=== DATA FOR THIS EXERCISE ===
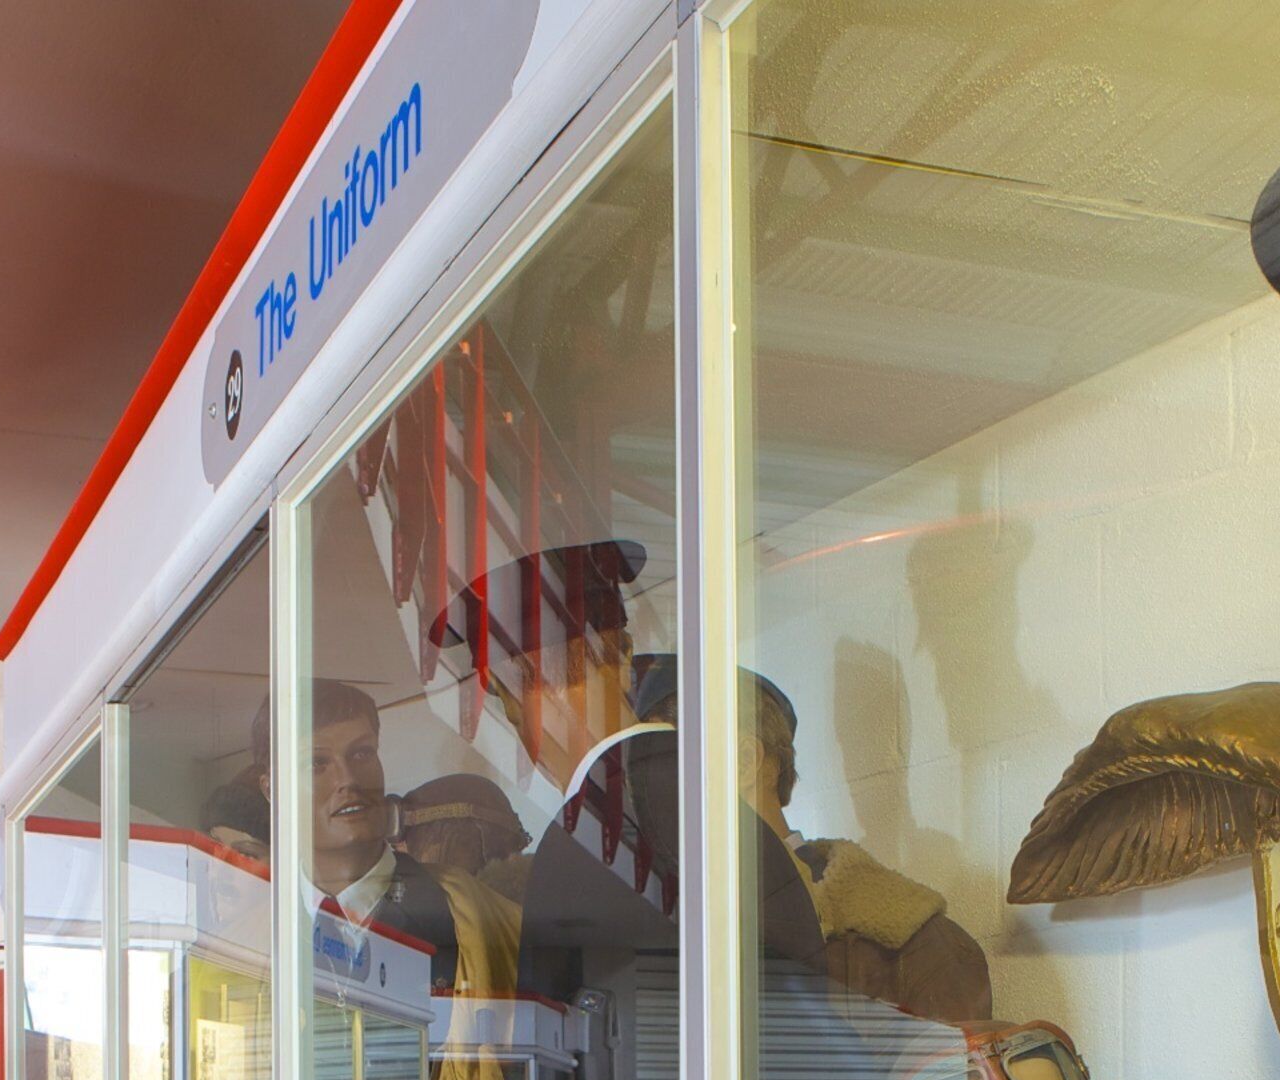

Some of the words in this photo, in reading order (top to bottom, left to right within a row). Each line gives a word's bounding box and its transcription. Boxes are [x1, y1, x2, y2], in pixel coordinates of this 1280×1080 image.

--

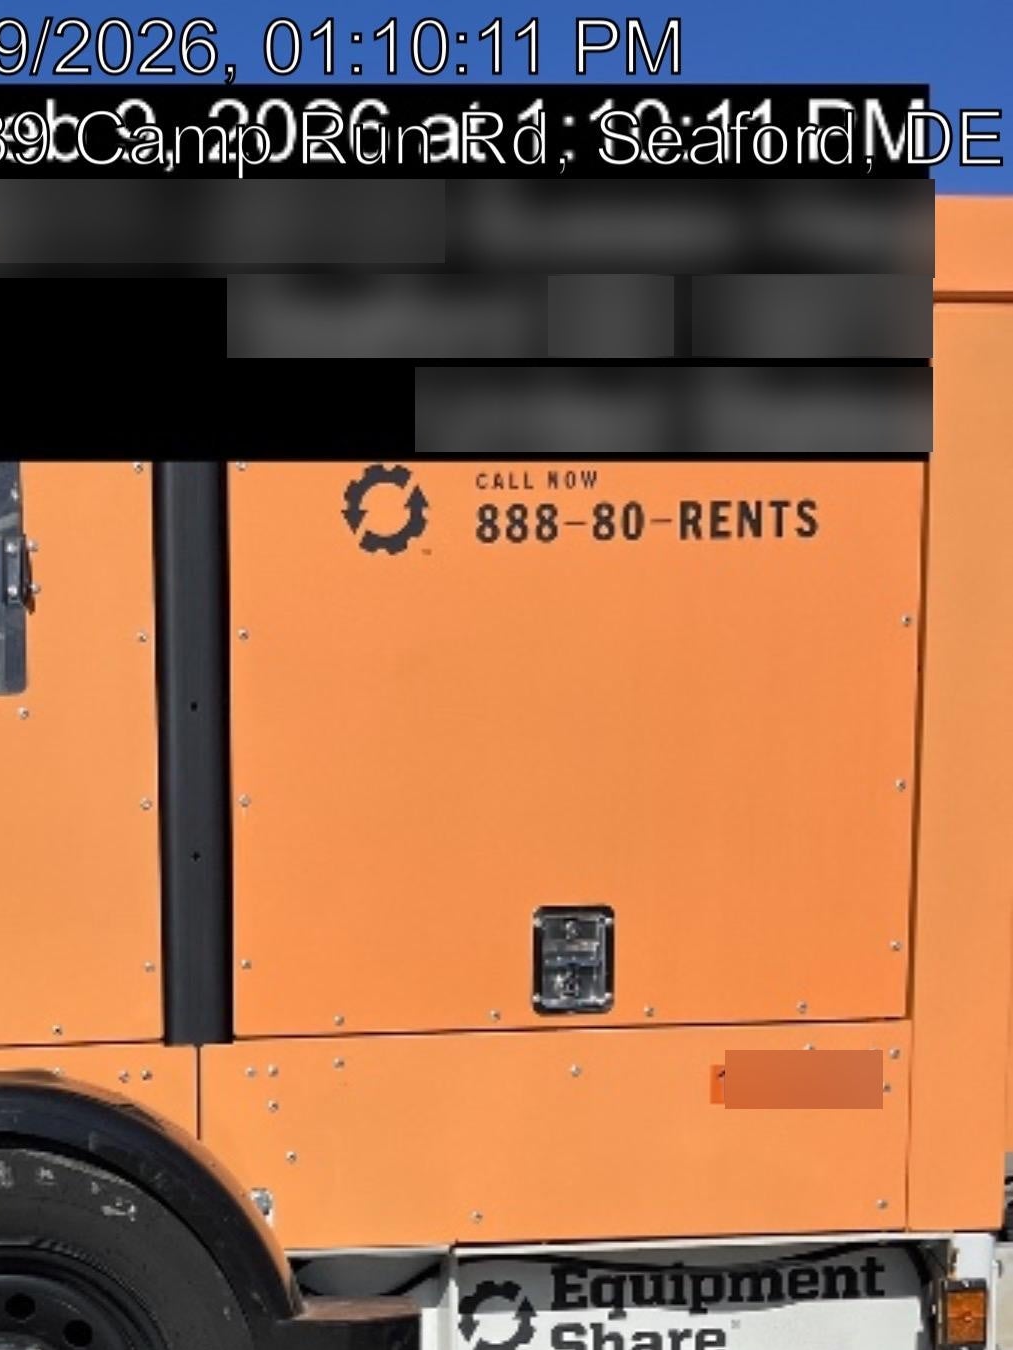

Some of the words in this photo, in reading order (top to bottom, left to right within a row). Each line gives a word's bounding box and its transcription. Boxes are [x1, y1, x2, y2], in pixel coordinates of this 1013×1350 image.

* * *

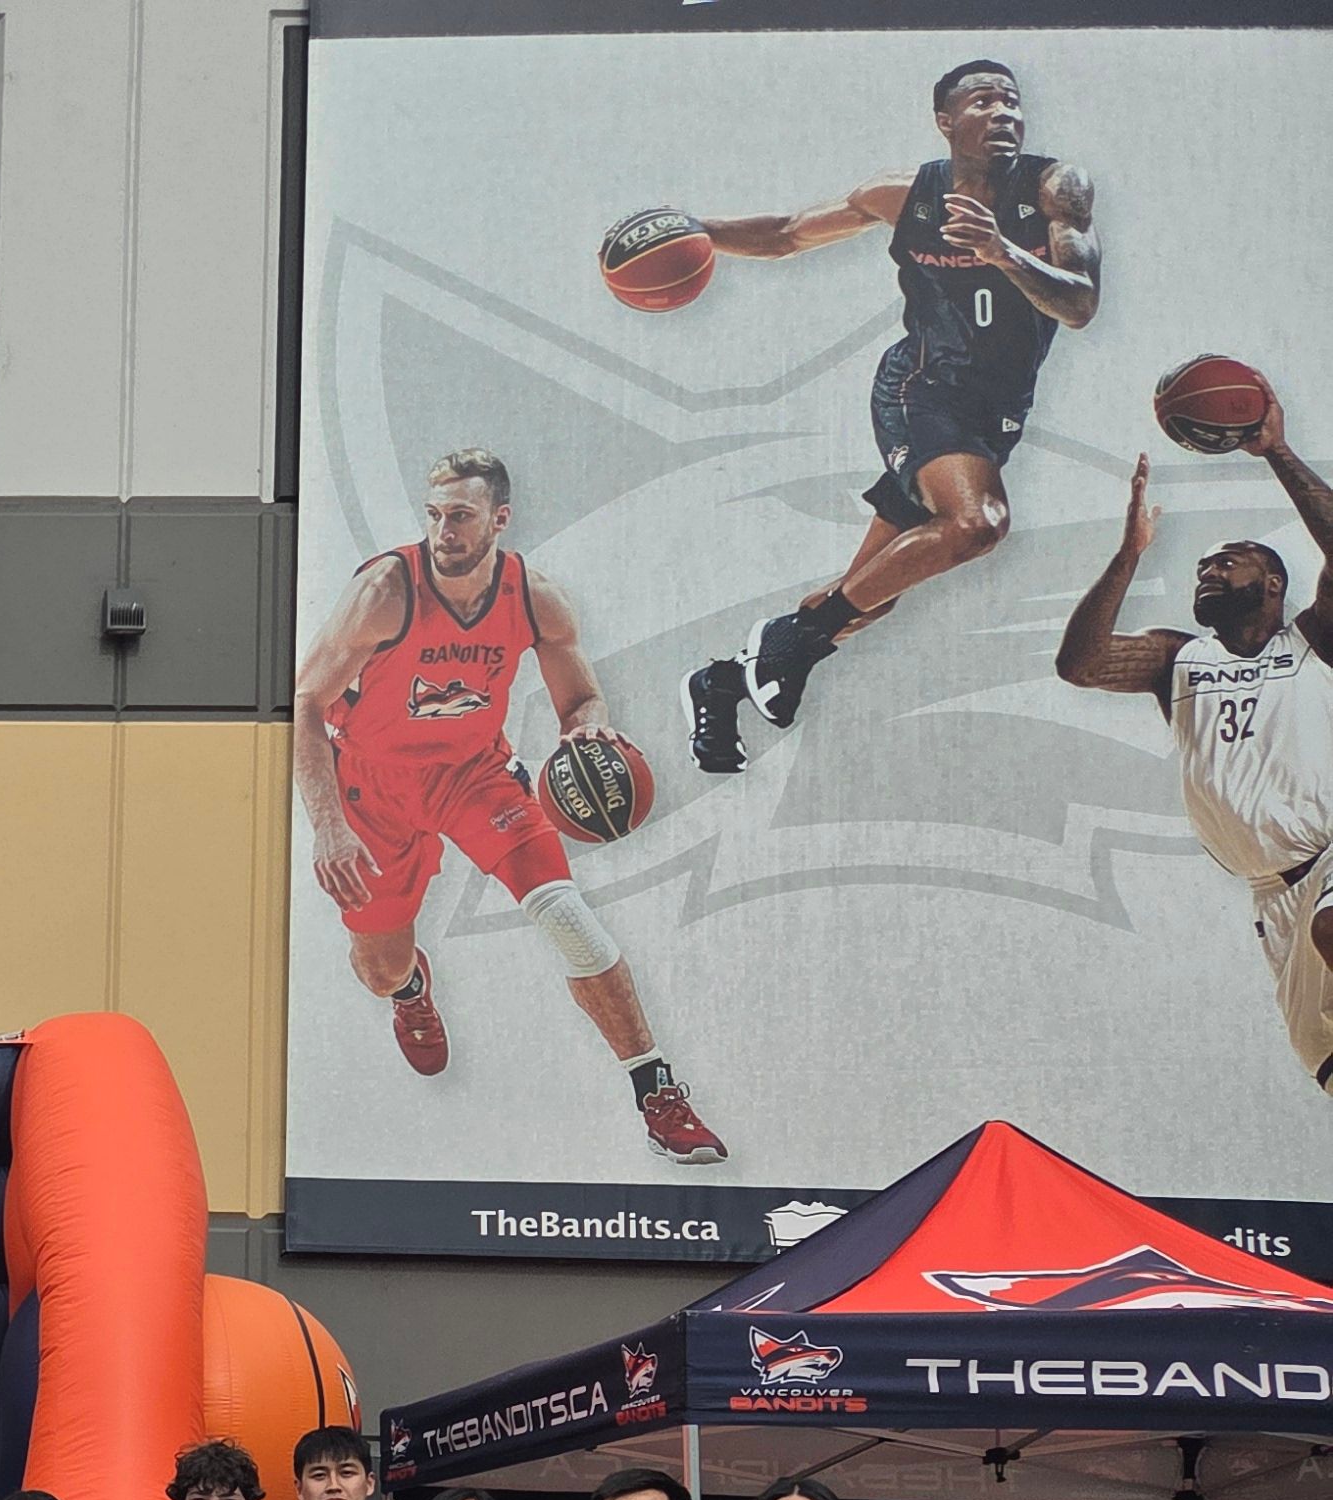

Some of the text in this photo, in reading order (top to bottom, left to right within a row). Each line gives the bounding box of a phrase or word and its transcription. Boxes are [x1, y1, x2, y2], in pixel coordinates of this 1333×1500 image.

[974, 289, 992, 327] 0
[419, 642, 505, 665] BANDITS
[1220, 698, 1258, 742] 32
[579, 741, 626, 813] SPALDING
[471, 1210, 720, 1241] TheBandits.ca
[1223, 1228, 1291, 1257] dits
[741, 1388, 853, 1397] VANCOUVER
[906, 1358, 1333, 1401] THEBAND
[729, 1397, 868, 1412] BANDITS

=== EXERCISE DETAILS ===
Every line in the records above that contains the word "words" should be copied out.

=== ANSWER SECTION ===
Some of the words in this photo, in reading order (top to bottom, left to right within a row). Each line gives a word's bounding box and its transcription. Boxes are [x1, y1, x2, y2], in pixel coordinates of this 1280×1080 image.
Some of the words in this photo, in reading order (top to bottom, left to right within a row). Each line gives a word's bounding box and its transcription. Boxes are [x1, y1, x2, y2], in pixel coordinates of this 1013×1350 image.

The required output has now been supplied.